At the end of these actions, the system has the following state:

User 1’s client: [rt1, rt2, rt3, rt4]
User 2’s client: [rt1, rt3]
The database: [rt1, rt3, rt4]

Again, there are a few different ways to approach either allowing or disallowing this behavior. One option is to just forbid differences in client values, but this would require a web socket to update all clients on each data write. While some applications actually do this (like chat applications), I would say that most don’t. Instead, we have to allow diverging client states, but we still want to do that in a controlled manner.

Well, one solution to that is to add a separate model instance as an auxiliary variable to the implementation which tracks the source of truth of the state of the client alone. Then, whenever a write occurs, we double-write to the implementation and this client model. Again, there are many patterns for doing this, but I like wrapping the implementation (Client here) in a new class with the same interface that forwards actions to the relevant members, this way the structure of the test doesn’t have to change and we keep all of the auxiliary variables in test-specific code:

class Impl {
  db: DBState;
  client: Client;

  aux: AuxiliaryVariables;

  constructor(db: DBState, client: Client, aux: AuxiliaryVariables) {
    this.db = db;
    this.client = client;
    this.aux = aux;
  }

  async deleteRecurringTransaction(id: number) {
    await this.client.deleteRecurringTransaction(id);
    this.aux.clientModel.deleteRecurringTransaction(id);
  }

  ...
}

In the test excerpt, we see another assertion named checkImplActionProperties⁴, and its defintion will now make sense:

async function checkImplActionProperties(impl: Impl, t: Deno.TestContext) {
  await t.step("loading is complete", () => assertEquals(impl.client.loading, false));

  await t.step("write-through cache: client state reflects client model",
    () => assertEquals(impl.client.recurringTransactions, impl.aux.clientModel.recurringTransactions)
  );
}

After each action has been invoked, we check that the actual state of the client matches the state of the client model, not the system model which is only aware of the database state. We also check that the loading variable in the client is false for good measure, ensuring that any spinners or other loading UI are hidden at the end of every action.

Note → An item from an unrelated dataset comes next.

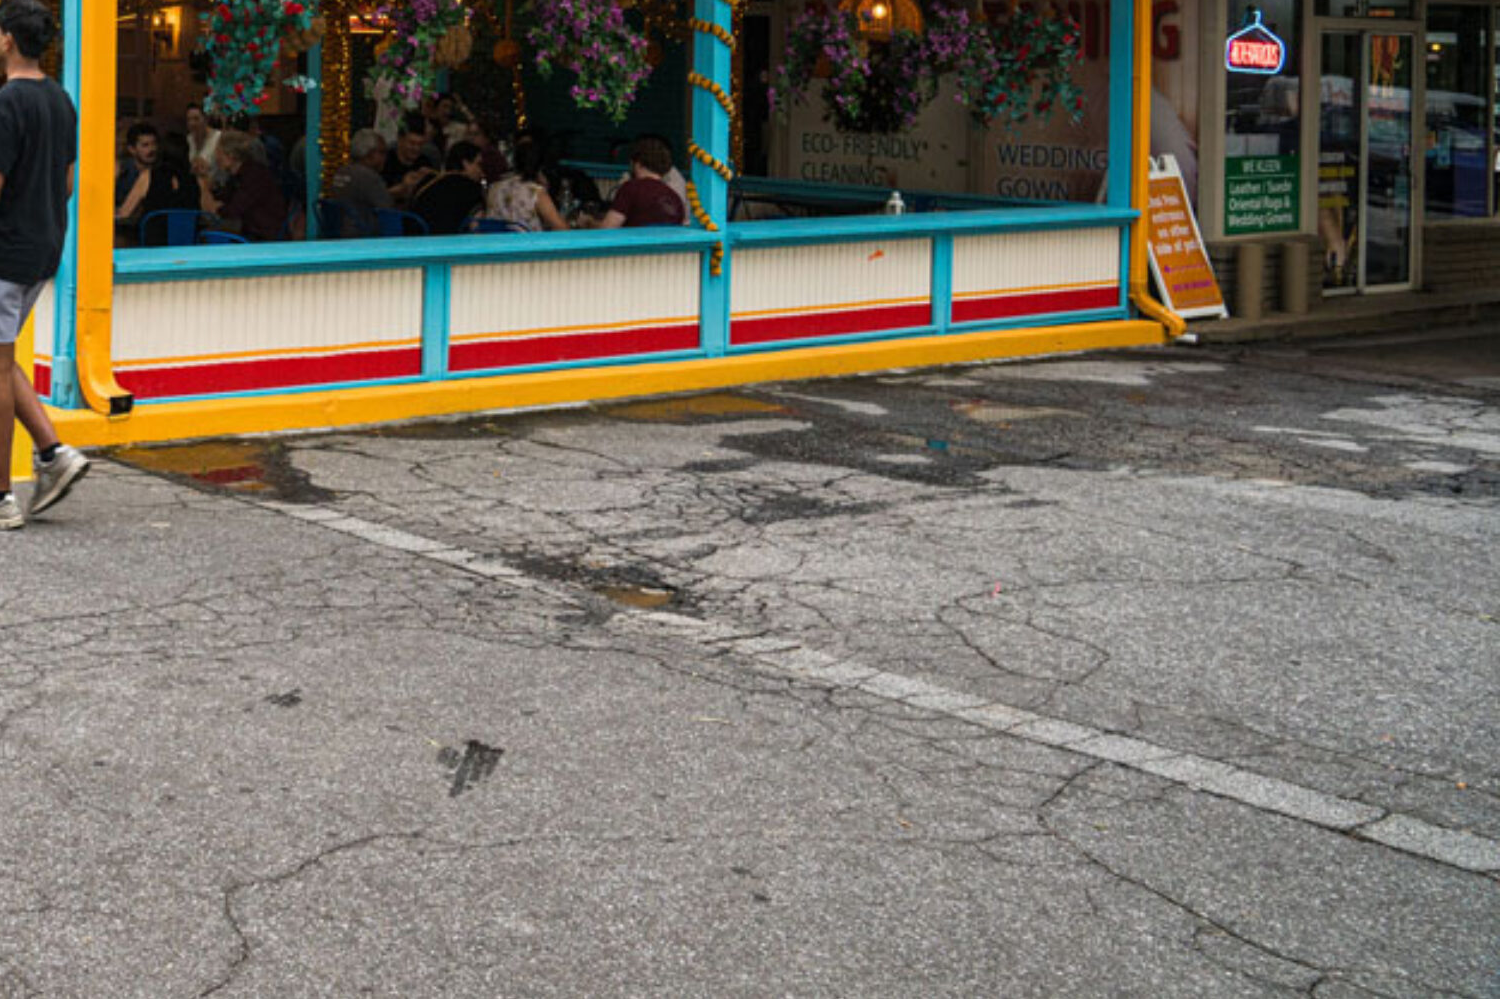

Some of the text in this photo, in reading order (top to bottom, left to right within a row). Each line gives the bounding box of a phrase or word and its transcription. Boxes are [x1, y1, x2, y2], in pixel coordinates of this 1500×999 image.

[998, 144, 1108, 170] WEDDING
[1229, 197, 1261, 211] Oriental
[1228, 212, 1264, 228] Wedding
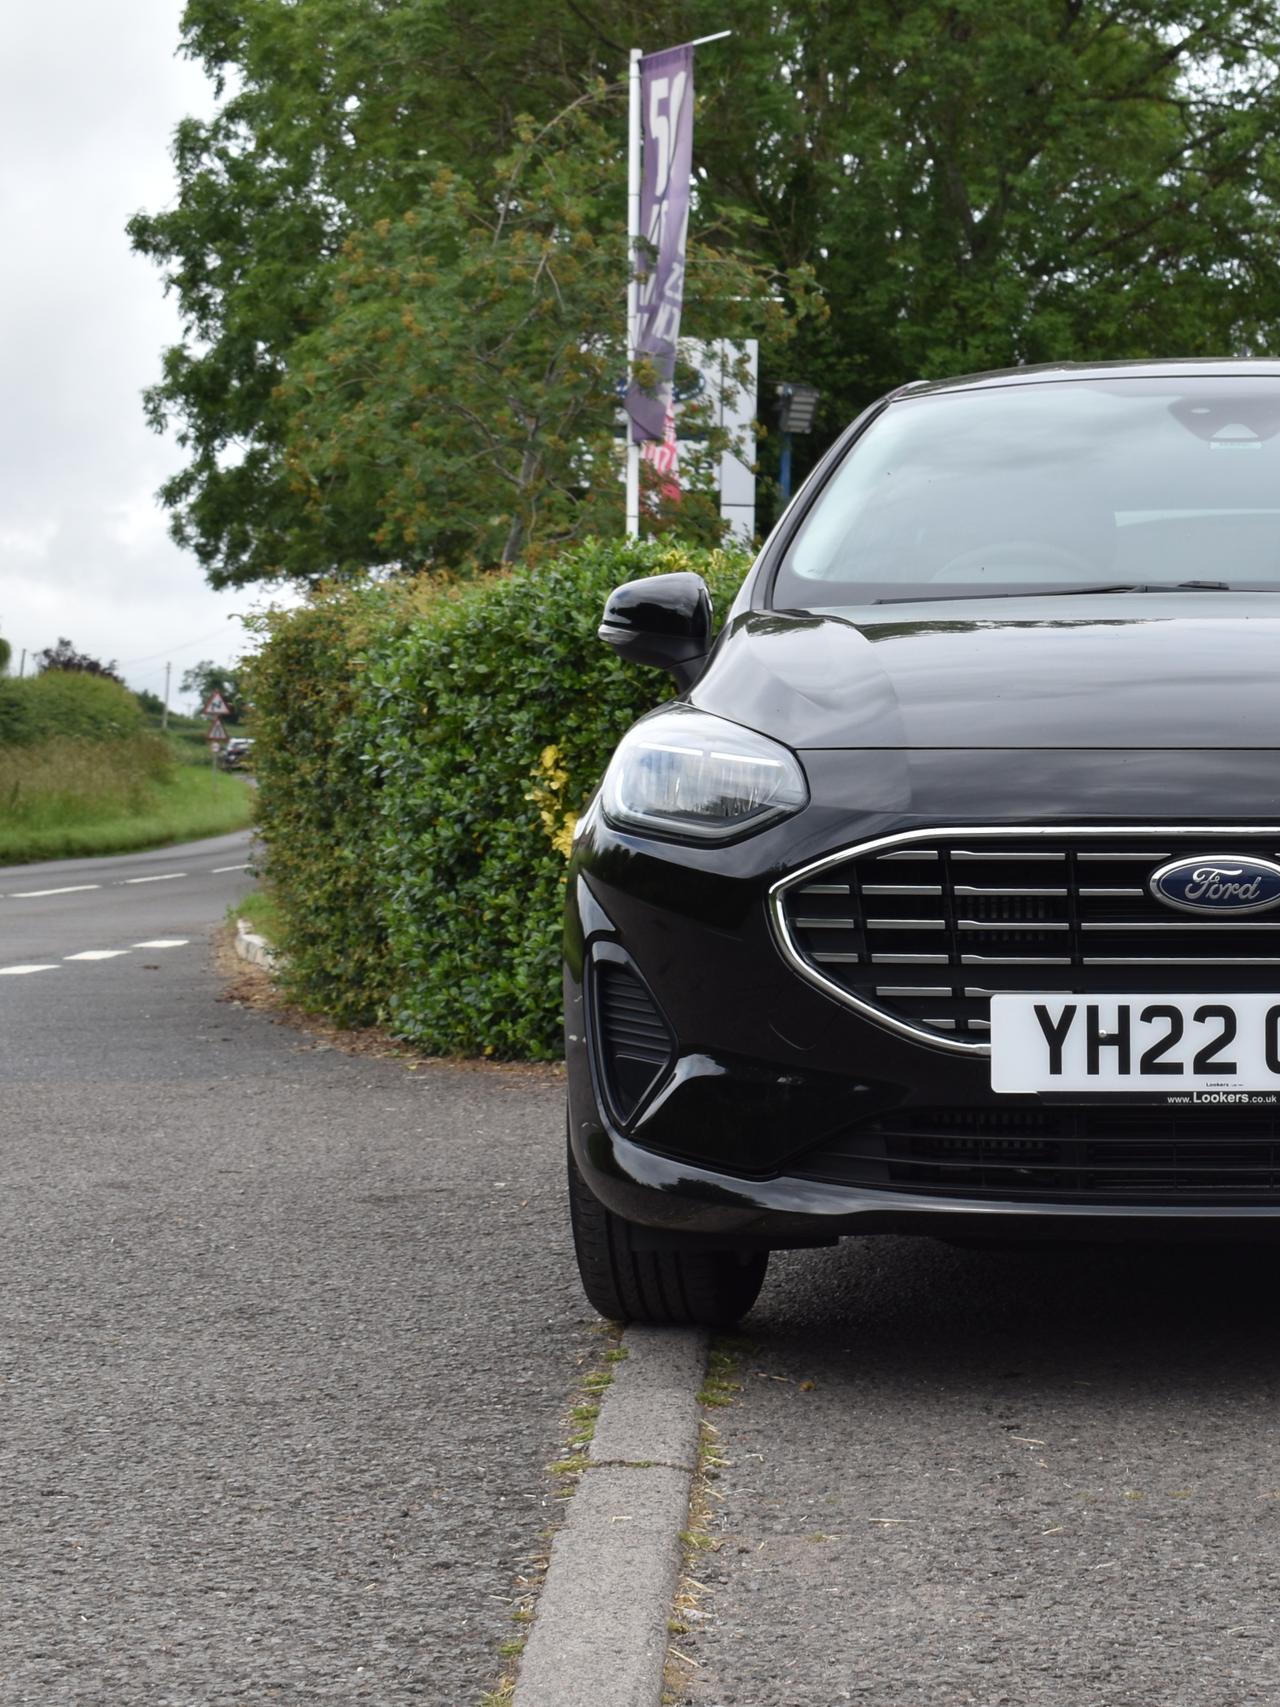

The key here is that, as long as they don’t affect the behavior of the implementation, we can add any auxiliary variables we want for tracking additional information. Once we have them, we can use them for test assertions, totally independent of the implementation that runs in production. They’re test-only code.

I’m going to be honest - I can have too much fun with auxiliary variables, and that means that we should be careful with them. They are basically a cheat code, and can be used as an escape hatch to get out of all kinds of situations. That being said, they’re sometimes the most elegant solution to a problem, and they’re a key piece in making our test flexible enough to handle the many scenarios that arise in practice. If anything becomes difficult to assert on or express as a property, we can try and make them easier by adding new auxiliary variables.

Recap

Alrighty. We went over four main problems and solutions to them:

Action sequences
Global state
State incompatibility
Expression inability

We introduced refinement mappings, which are functions from the implementation state to the model state, and which require that single-transitions in the implementation and model must be equivalent under this mapping. This overcomes both state incompatibility and the need for action sequences. We showed that by using action-local state we can avoid ever constructing global system state in the test. And we showed that if we ever have the inability to express a property about our system, we can always add auxiliary variables which don’t affect the system behavior but track additional information that we can use in test assertions.

What we ended up with is a framework for writing model-based tests that is both efficient and flexible, and applicable to real-world systems like database-backed web applications.

The linked papers have plenty more theoretical background and examples for deeper dives on these topics.

Thanks

Big thanks to Hillel Wayne for having an in depth conversation about refinement with me, which influenced my thinking about how to best define the system state for a client-server application.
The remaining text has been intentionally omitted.